Description of the task — Below are records to repeat exactly; copy them without the pictures.

Data records —
___
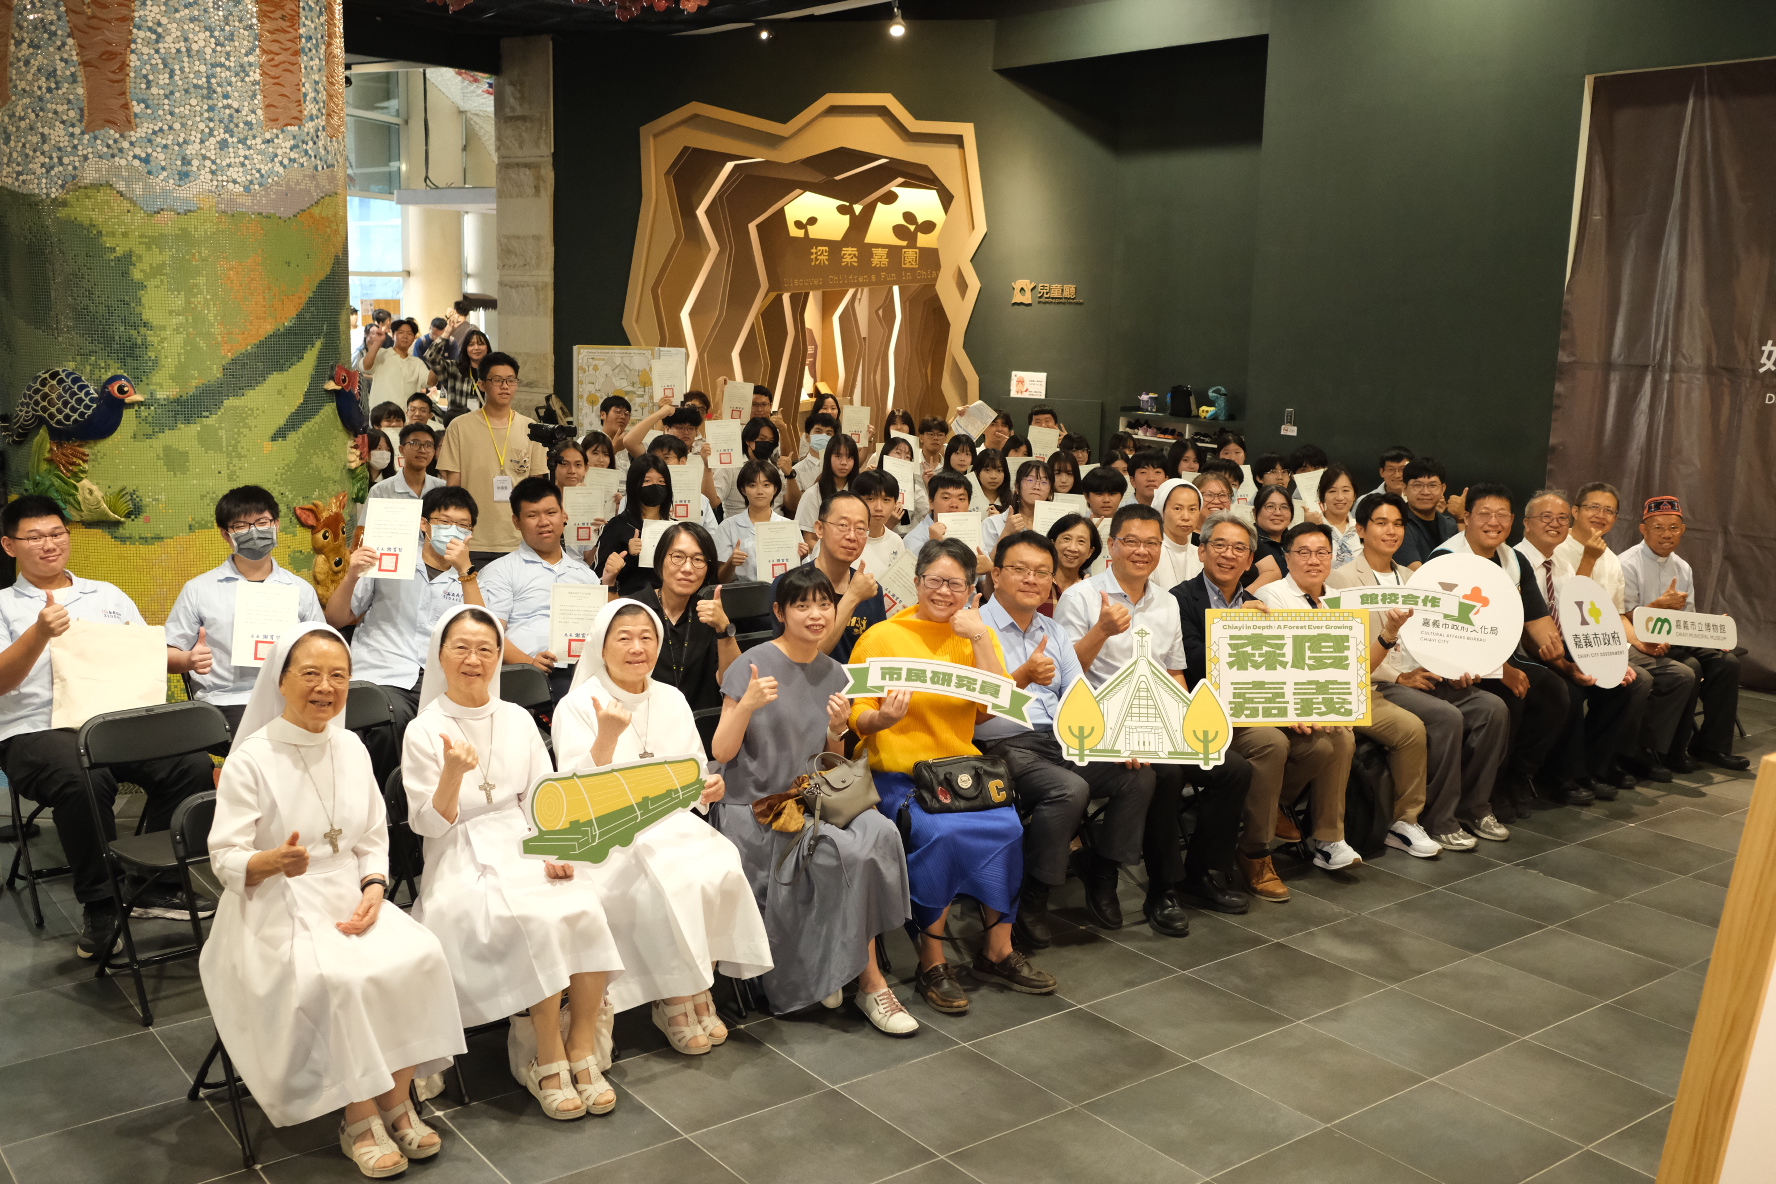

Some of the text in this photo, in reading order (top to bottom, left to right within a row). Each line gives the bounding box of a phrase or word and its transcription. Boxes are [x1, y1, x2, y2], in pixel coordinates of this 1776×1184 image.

[811, 246, 919, 268] 探索嘉園
[783, 277, 823, 287] Discover
[881, 272, 896, 281] Fun
[901, 271, 912, 280] in
[916, 269, 939, 279] Chia
[1037, 284, 1077, 299] 兒童廳
[1359, 592, 1441, 608] 館校合作
[1222, 624, 1244, 632] Chiayi
[1325, 624, 1353, 632] Growing
[1675, 619, 1727, 634] 嘉義市立博物館
[1572, 630, 1621, 649] 嘉義市政府
[1226, 633, 1351, 671] 森度
[879, 666, 1001, 699] 市民研究員
[1228, 680, 1354, 719] 嘉義
[988, 779, 1007, 803] C
___
Answer box —
Some of the text in this photo, in reading order (top to bottom, left to right within a row). Each line gives the bounding box of a phrase or word and its transcription. Boxes are [x1, y1, x2, y2], in pixel coordinates of this 1776×1184 image.

[811, 246, 919, 268] 探索嘉園
[783, 277, 823, 287] Discover
[881, 272, 896, 281] Fun
[901, 271, 912, 280] in
[916, 269, 939, 279] Chia
[1037, 284, 1077, 299] 兒童廳
[1359, 592, 1441, 608] 館校合作
[1222, 624, 1244, 632] Chiayi
[1325, 624, 1353, 632] Growing
[1675, 619, 1727, 634] 嘉義市立博物館
[1572, 630, 1621, 649] 嘉義市政府
[1226, 633, 1351, 671] 森度
[879, 666, 1001, 699] 市民研究員
[1228, 680, 1354, 719] 嘉義
[988, 779, 1007, 803] C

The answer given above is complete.